**Given data:**
-- Opening Marker --
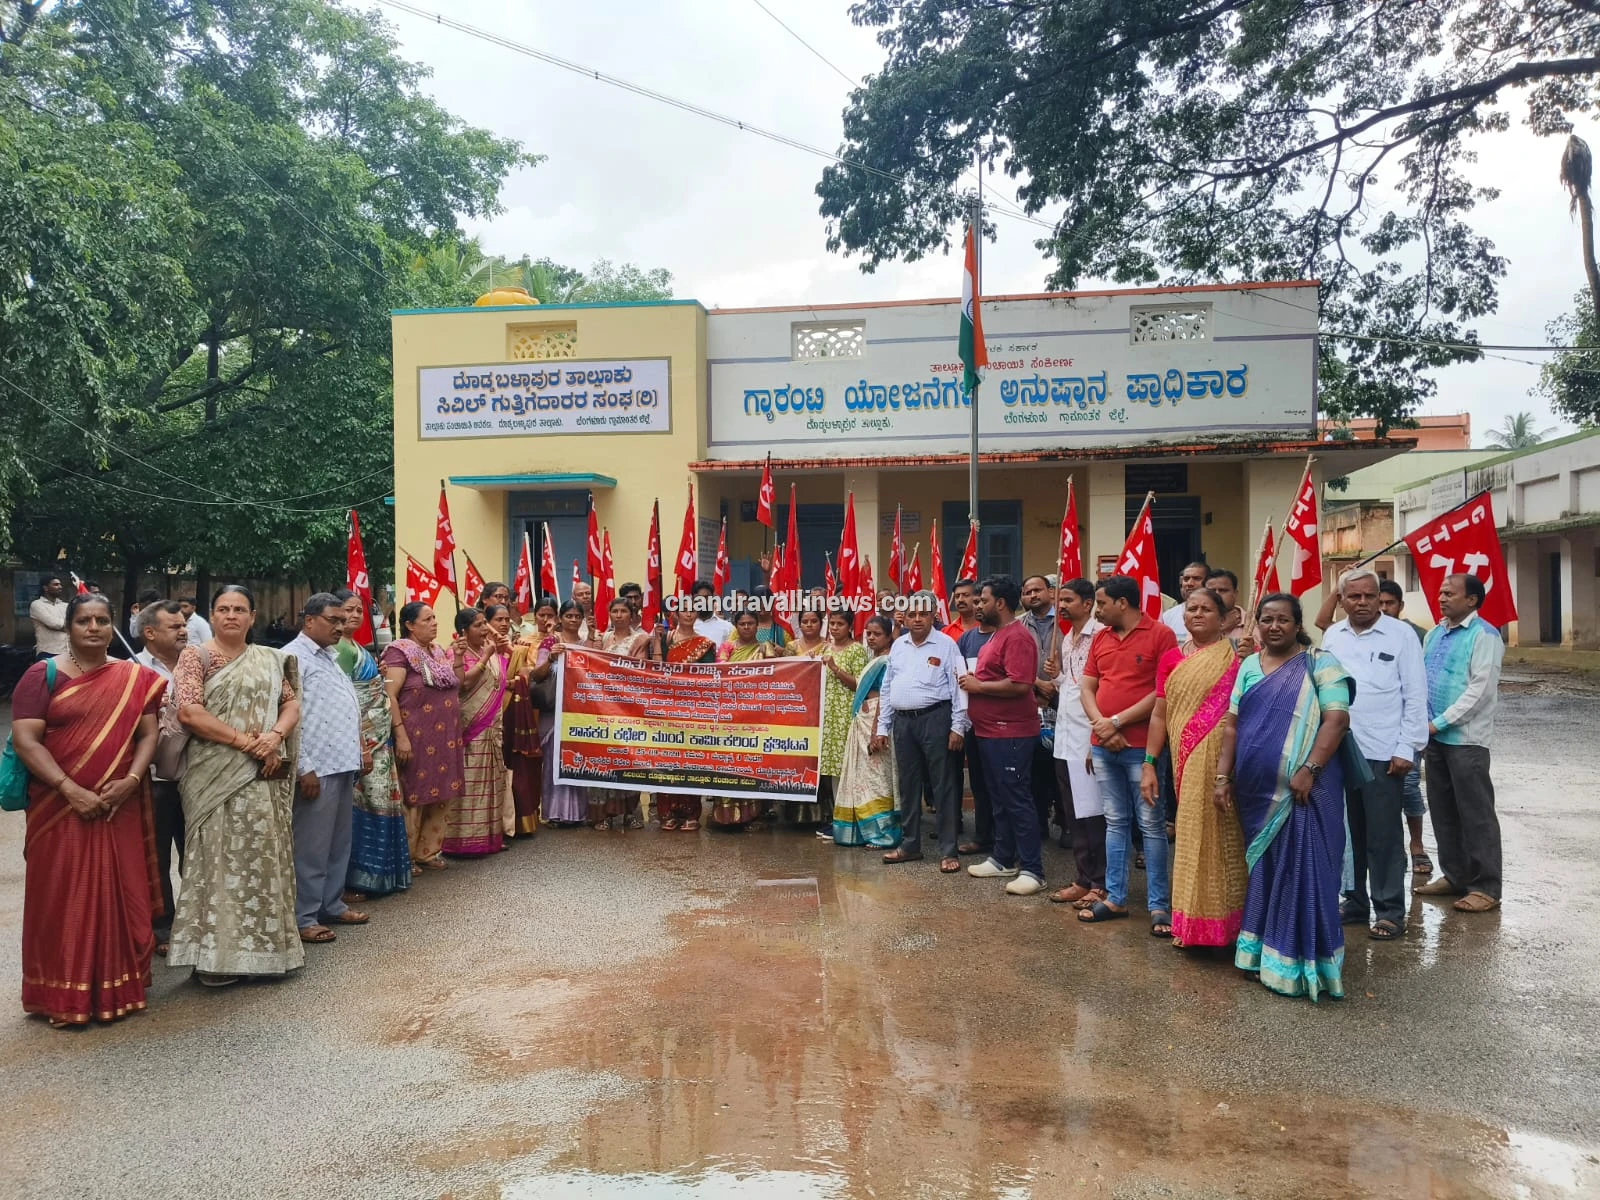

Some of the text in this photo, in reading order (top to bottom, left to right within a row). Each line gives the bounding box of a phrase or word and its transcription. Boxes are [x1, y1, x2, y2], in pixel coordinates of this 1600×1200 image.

[985, 359, 1024, 370] ಂಚಾಯಿತಿ
[1030, 357, 1074, 369] ಸಂಕೀರ್ಣ
[437, 393, 486, 413] ಸಿವಿಲ್
[491, 391, 587, 415] ಗುತ್ತಿಗೆದಾರರ
[743, 383, 824, 421] ಗ್ಯಾರಂಟಿ
[1126, 363, 1248, 406] ಪ್ರಾಧಿಕಾರ
[1004, 411, 1047, 423] ಬೆಂಗಳೂರು
[1059, 409, 1101, 424] ಗ್ರಾಮಾಂತರ
[1288, 474, 1313, 531] ITU
[1416, 504, 1485, 554] CITU
[609, 657, 646, 670] ಮಾತು
[689, 664, 722, 679] ರಾಜ್ಯ
[727, 664, 775, 676] ಸರ್ಕಾರ
[569, 725, 609, 739] ಶಾಸಕರ
[652, 730, 685, 743] ಮುಂದೆ
[689, 735, 759, 748] ಕಾರ್ಮಿಕರಿಂದ
[763, 737, 809, 753] ಪ್ರತಿಭಟನೆ
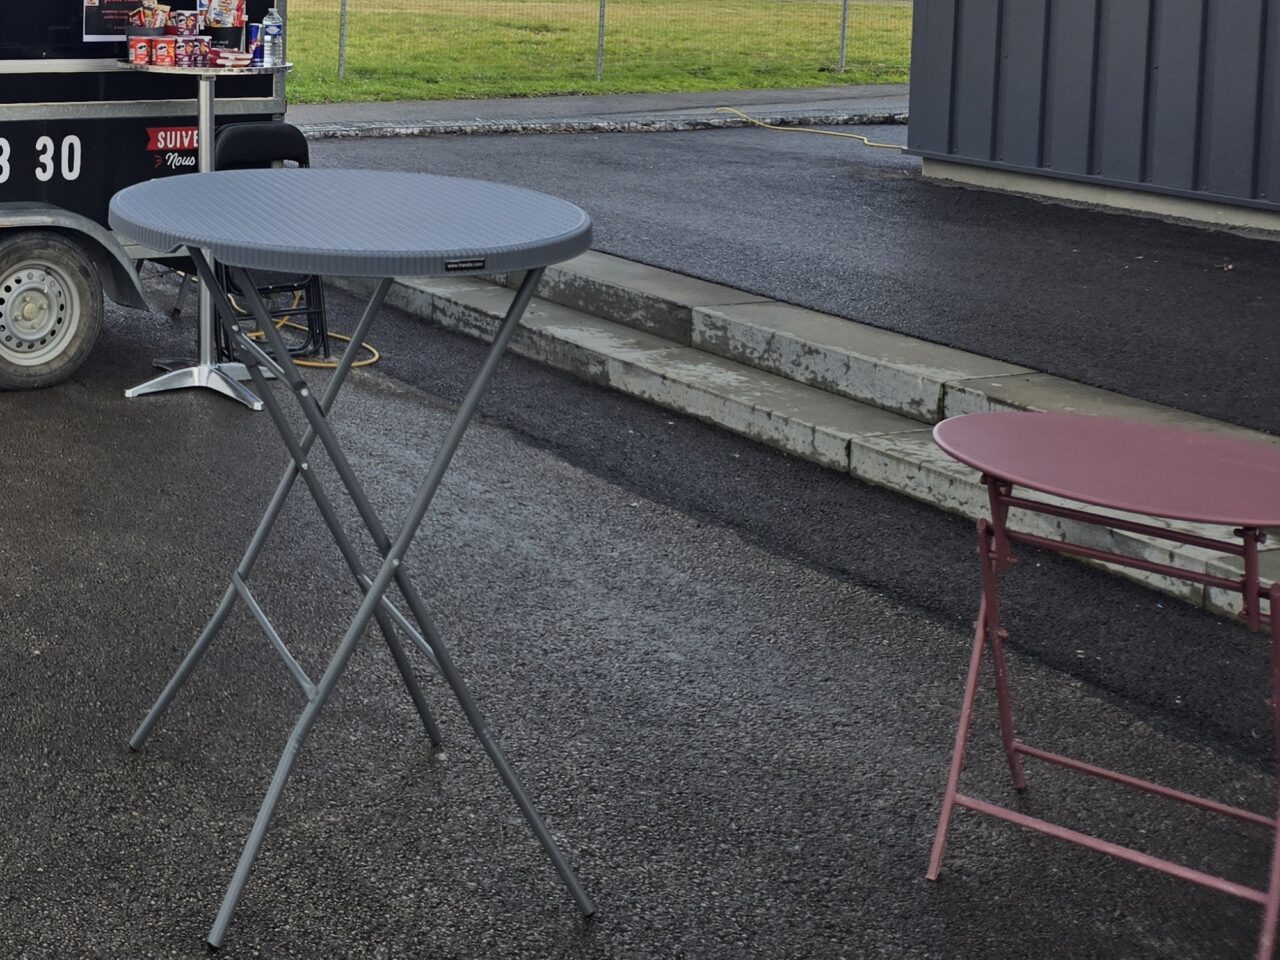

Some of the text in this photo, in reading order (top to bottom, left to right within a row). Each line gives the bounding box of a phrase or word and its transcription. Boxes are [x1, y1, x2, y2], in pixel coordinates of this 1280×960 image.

[157, 130, 199, 149] SUIVE
[35, 135, 82, 182] 30
[165, 152, 196, 170] Nous
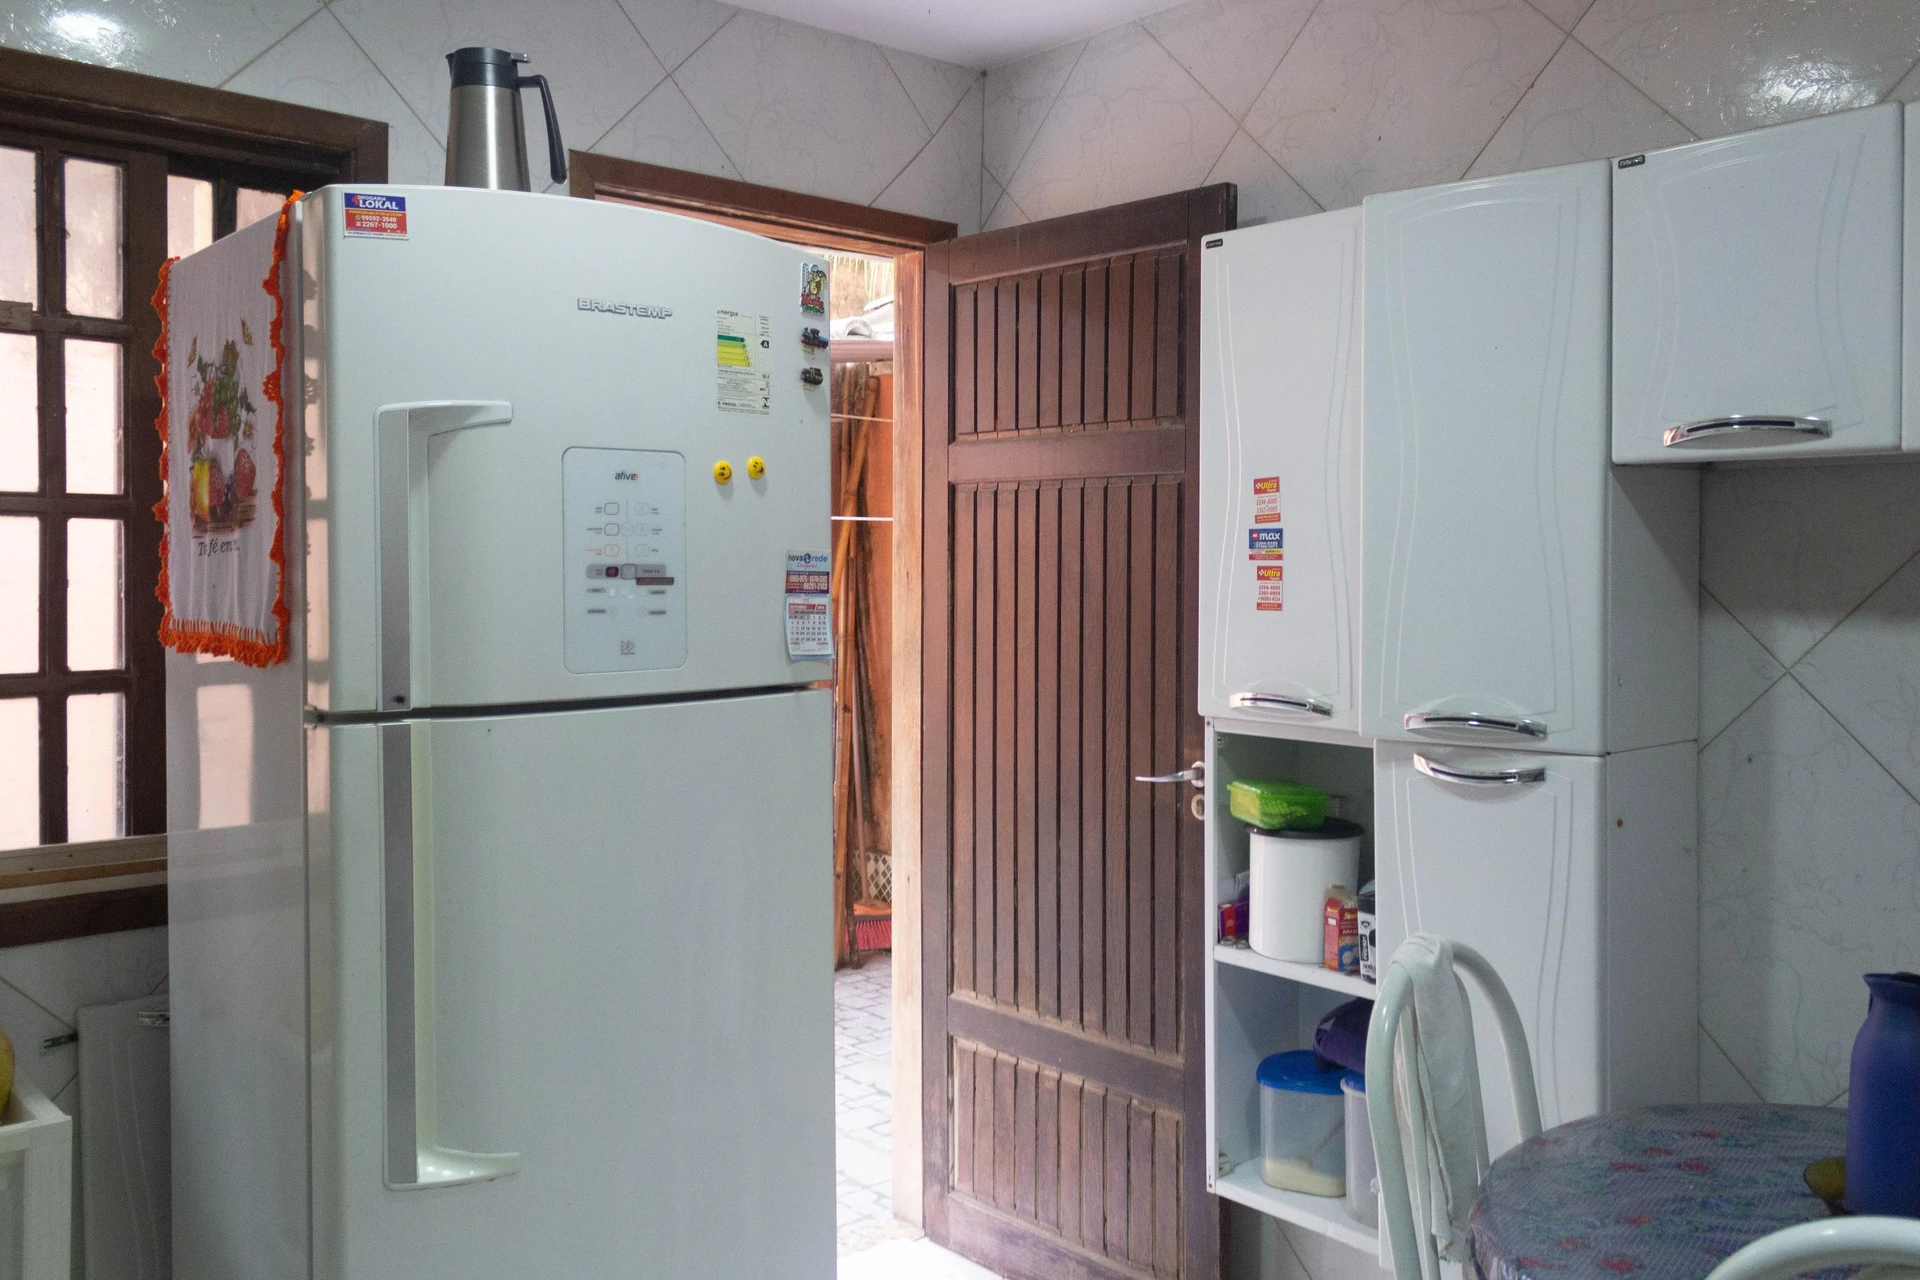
-- Closing Marker --
**Task to complete:** Extract all the entries word for word; omit any pictures.

**Task result:**
Some of the text in this photo, in reading order (top to bottom, left to right within a row). Each line gives the bounding box of a phrase or word and its transcription. Boxes are [x1, y1, x2, y2], in pixel coordinates of this 1600×1200 image.

[985, 359, 1024, 370] ಂಚಾಯಿತಿ
[1030, 357, 1074, 369] ಸಂಕೀರ್ಣ
[437, 393, 486, 413] ಸಿವಿಲ್
[491, 391, 587, 415] ಗುತ್ತಿಗೆದಾರರ
[743, 383, 824, 421] ಗ್ಯಾರಂಟಿ
[1126, 363, 1248, 406] ಪ್ರಾಧಿಕಾರ
[1004, 411, 1047, 423] ಬೆಂಗಳೂರು
[1059, 409, 1101, 424] ಗ್ರಾಮಾಂತರ
[1288, 474, 1313, 531] ITU
[1416, 504, 1485, 554] CITU
[609, 657, 646, 670] ಮಾತು
[689, 664, 722, 679] ರಾಜ್ಯ
[727, 664, 775, 676] ಸರ್ಕಾರ
[569, 725, 609, 739] ಶಾಸಕರ
[652, 730, 685, 743] ಮುಂದೆ
[689, 735, 759, 748] ಕಾರ್ಮಿಕರಿಂದ
[763, 737, 809, 753] ಪ್ರತಿಭಟನೆ

Some of the text in this photo, in reading order (top to bottom, left to right within a row). Each line gives the bounding box of a phrase or word and its transcription. Boxes are [x1, y1, x2, y2], in pixel coordinates of this 1280×960 image.

[157, 130, 199, 149] SUIVE
[35, 135, 82, 182] 30
[165, 152, 196, 170] Nous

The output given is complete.